(RECORD EXTRACTS):
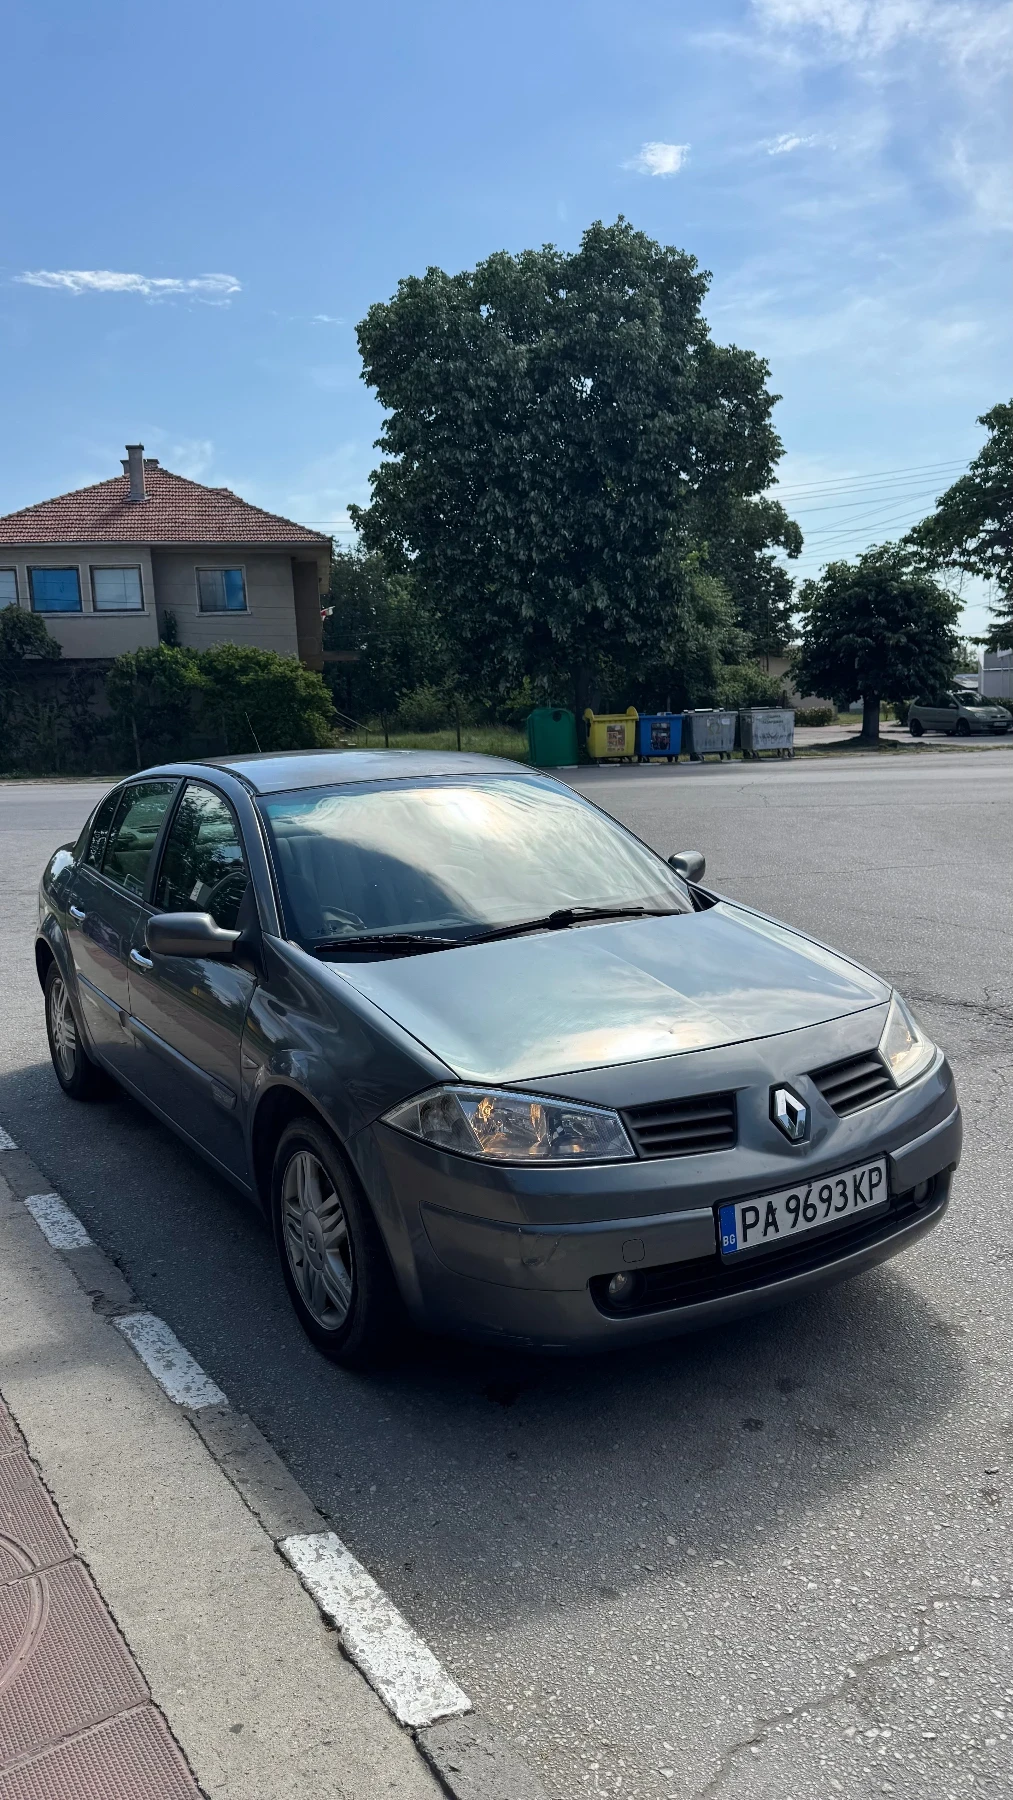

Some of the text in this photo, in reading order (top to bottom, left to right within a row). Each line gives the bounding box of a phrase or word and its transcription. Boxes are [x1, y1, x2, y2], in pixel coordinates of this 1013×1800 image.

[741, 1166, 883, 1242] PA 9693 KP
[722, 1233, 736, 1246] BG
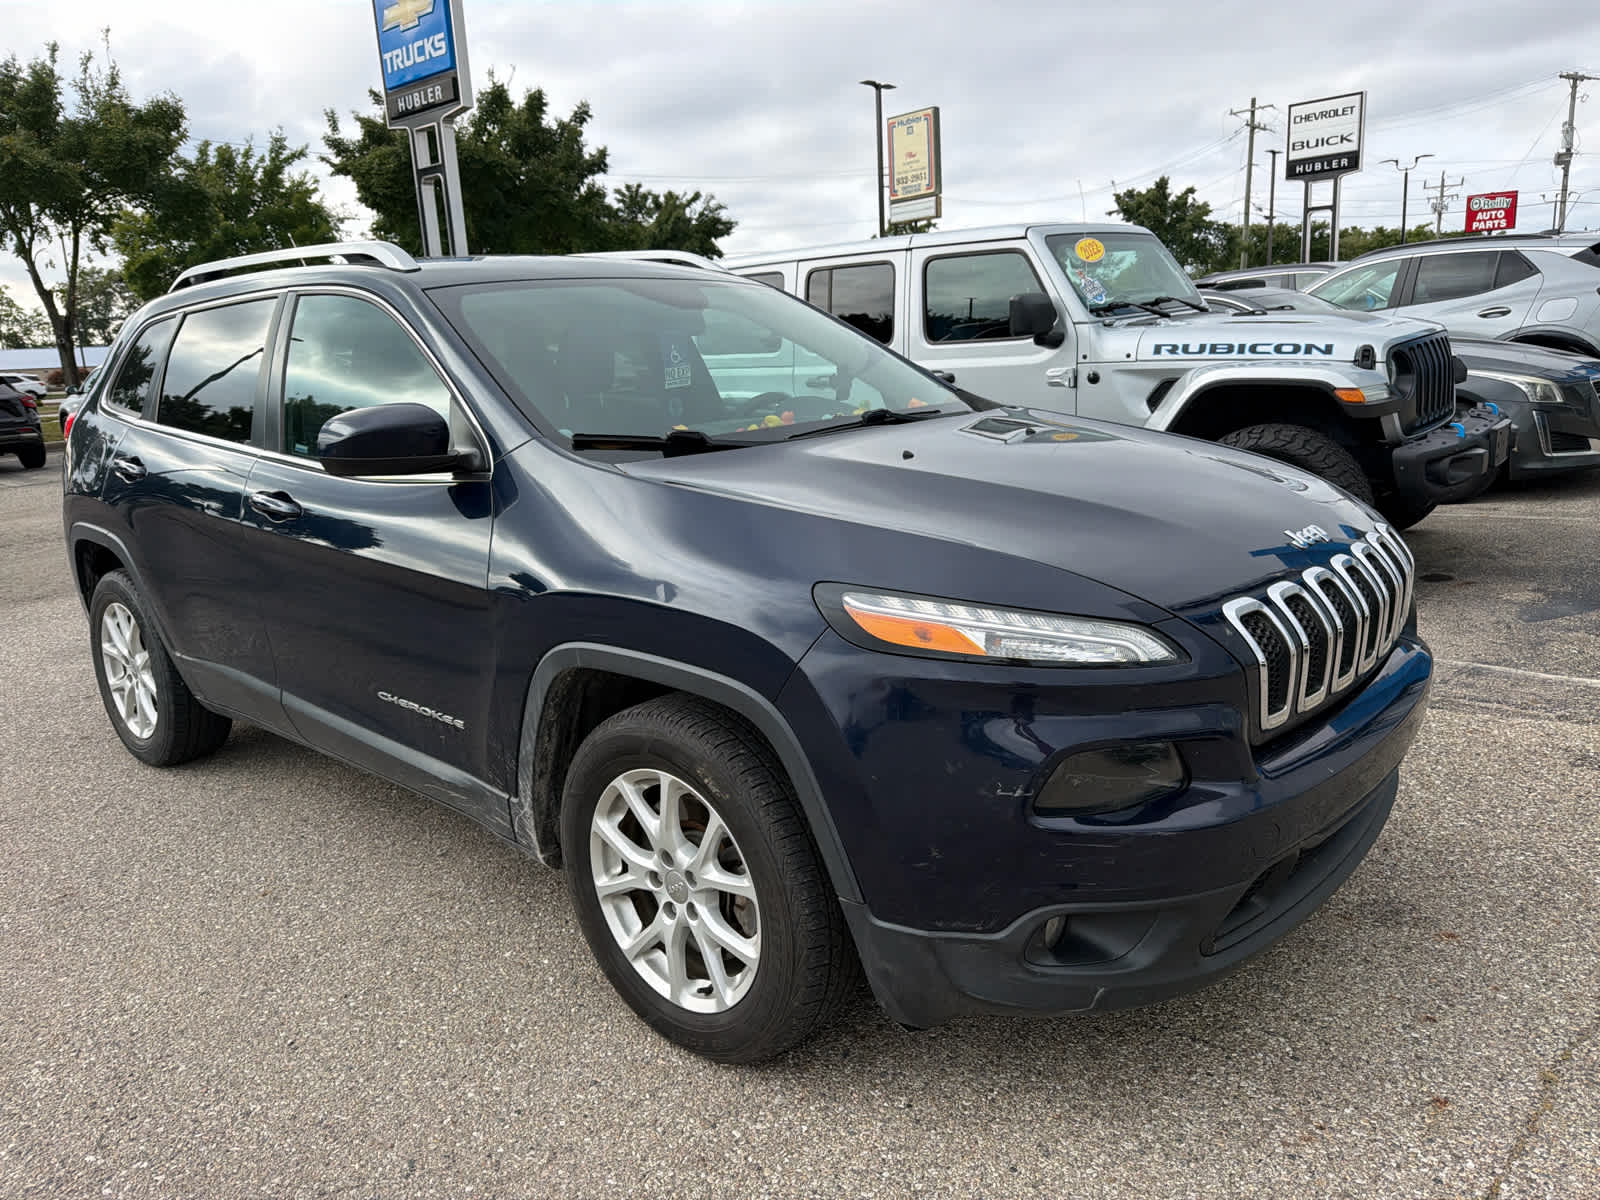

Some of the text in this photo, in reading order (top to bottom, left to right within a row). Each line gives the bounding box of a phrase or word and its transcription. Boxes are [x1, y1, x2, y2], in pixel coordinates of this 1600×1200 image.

==

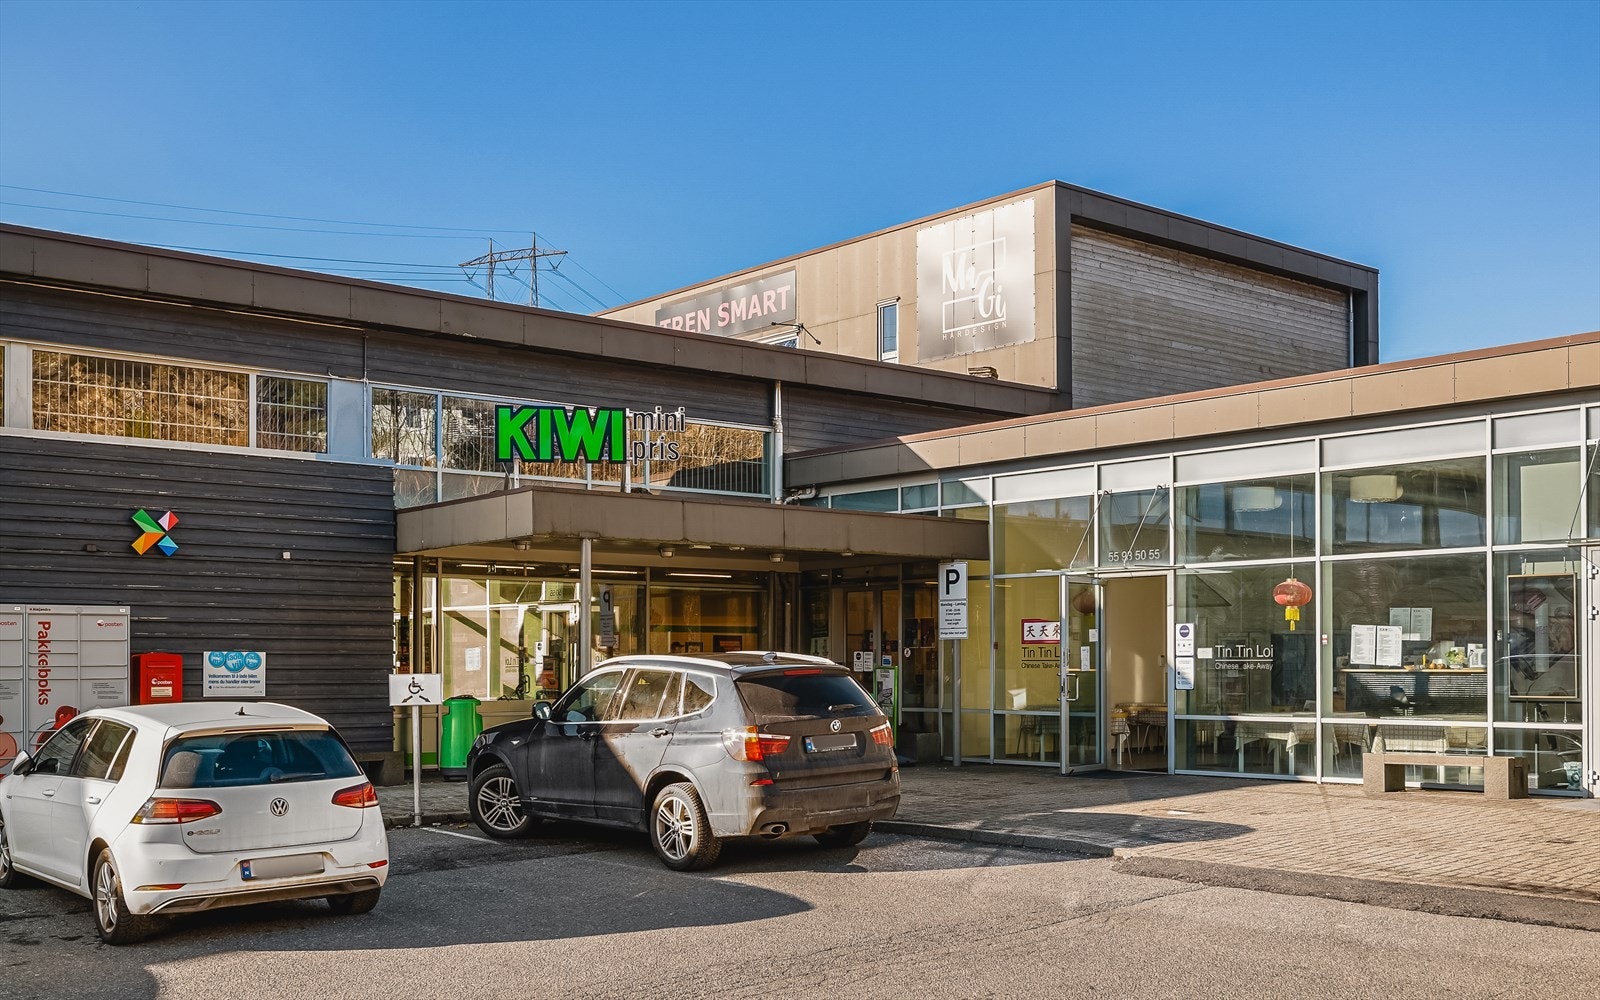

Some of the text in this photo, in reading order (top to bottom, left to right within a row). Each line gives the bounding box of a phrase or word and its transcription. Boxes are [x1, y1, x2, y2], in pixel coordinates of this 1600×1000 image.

(PROBLEM STATEMENT): Within the listing above, extract exactly the lines that run from the one containing "this 1013×1800 image." through the one containing "this 1600×1200 image.", excluding any pictures.

(ANSWER SECTION):
Some of the text in this photo, in reading order (top to bottom, left to right within a row). Each line gives the bounding box of a phrase or word and its transcription. Boxes are [x1, y1, x2, y2], in pixel coordinates of this 1013×1800 image.

[741, 1166, 883, 1242] PA 9693 KP
[722, 1233, 736, 1246] BG

Some of the text in this photo, in reading order (top to bottom, left to right within a row). Each line gives the bounding box of a phrase or word and its transcription. Boxes are [x1, y1, x2, y2], in pixel coordinates of this 1600×1200 image.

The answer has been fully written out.